16 junio 2006

El crucifijo en las aulas.

Entre los blogs que leo, he llegado a uno, Compostela, que publicaba un artículo que creo de interés para la que está cayendo en nuestro muy politicamente correcto país. Lo encontré a través de la Iglesia en la prensa.

El enlace está aquí y el artículo es de Natalia Ginzburg, no creo que mis comentarios sean necesarios, así que lo reproduzco a continuación:

Dicen que hay que quitar el crucifijo de las aulas. El nuestro es un estado laico y no tiene el derecho de imponer que en las aulas haya un crucifijo. La señora Maria Vittoria Montagnana, maestra de Cuneo, había quitado el crucifijo de las paredes de su clase. Las autoridades educativas la han obligado a volver a ponerlo. Ahora se está peleando por poder quitarlo de nuevo y para que lo quiten de todas las clases de nuestro país. En lo que se respecta a su propia clase, tiene toda la razón. Pero a mí me disgusta que el crucifijo desaparezca para siempre de todas las clases. Me parece una pérdida. Todas o casi todas las personas que conozco dicen que lo quiten. Otras dicen que es una cuestión sin importancia. Los problemas son tantos y dramáticos, en la escuela y fuera, que este es un problema sin importancia. Es verdad. Pero a mí me desagrada que el crucifijo desaparezca. Si fuera profesora, querría que en mi clase no lo tocaran. Toda imposición de la autoridad es horrenda en lo que respecta al crucifijo en las paredes. No puede ser obligatorio ponerlo. Pero en mi opinión tampoco puede ser obligatorio quitarlo. Un profesor debe poderlo poner si quiere y quitarlo si no quiere. Debería ser una elección libre. Sería justo también pedir opinión a los niños. Si uno solo de los niños lo quisiese, escucharlo y hacerle caso. A un niño que desea un crucifijo puesto en la pared hay que hacerle caso. El crucifijo en clase no puede ser otra cosa que la expresión de un deseo. Y los deseos, cuando son inocentes, se respetan.(...)
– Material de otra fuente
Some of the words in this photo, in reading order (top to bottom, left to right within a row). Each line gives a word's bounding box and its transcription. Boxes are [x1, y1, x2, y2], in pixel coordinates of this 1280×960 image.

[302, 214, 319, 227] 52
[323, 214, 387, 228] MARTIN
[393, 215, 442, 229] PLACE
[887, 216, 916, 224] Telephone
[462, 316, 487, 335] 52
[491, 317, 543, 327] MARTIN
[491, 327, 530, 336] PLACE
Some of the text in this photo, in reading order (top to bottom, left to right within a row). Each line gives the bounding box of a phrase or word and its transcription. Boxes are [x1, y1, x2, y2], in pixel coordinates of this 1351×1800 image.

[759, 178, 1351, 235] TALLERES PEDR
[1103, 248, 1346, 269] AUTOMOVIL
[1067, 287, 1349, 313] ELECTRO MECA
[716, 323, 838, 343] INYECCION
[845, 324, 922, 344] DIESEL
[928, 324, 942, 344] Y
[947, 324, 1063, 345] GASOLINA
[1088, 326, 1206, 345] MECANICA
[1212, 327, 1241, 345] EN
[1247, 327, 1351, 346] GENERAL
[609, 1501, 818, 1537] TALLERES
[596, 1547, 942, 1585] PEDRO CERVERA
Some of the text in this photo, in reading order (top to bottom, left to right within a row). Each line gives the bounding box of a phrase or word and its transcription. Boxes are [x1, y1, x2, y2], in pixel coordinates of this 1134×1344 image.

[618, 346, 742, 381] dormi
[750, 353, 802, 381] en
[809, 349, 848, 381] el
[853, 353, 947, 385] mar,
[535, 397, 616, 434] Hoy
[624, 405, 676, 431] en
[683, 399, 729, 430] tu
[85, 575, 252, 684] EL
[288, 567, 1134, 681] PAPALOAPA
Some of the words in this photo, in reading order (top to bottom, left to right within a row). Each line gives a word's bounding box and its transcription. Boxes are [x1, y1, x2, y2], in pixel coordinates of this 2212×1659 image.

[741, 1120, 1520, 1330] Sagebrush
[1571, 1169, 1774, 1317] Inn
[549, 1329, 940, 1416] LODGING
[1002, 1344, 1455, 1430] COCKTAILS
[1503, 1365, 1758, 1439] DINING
-"Autobiografia in terza persona" p. 178-83 de Saggi (2001): (…) Su padre era hebreo, su madre no lo era. Ni el uno ni el otro eran observantes, en un sentido u otro. Ni él ni ella ponían el pie en una iglesia o en un templo. Solían considerarse materialistas y ateos; el padre con más convicción; la madre de una forma menos resuelta y más insegura. (…) Natalia Ginzburg vive en Roma, siempre en la misma casa del centro. Es todavía diputada [independiente por el Partido Comunista] en el Congreso. Algunas veces, pero de modo discontinuo, escribe en los periódicos. Vive sola con su hija Susanna, gravemente enferma desde los primeros meses de vida. La enfermedad de su hija le impide pensar en la muerte tranquilamente. Todavía tiene fe en la providencia, en el afecto de sus otros hijos, en los ángeles custodios. Aunque de modo caótico, atormentado y discontinuo, cree en Dios.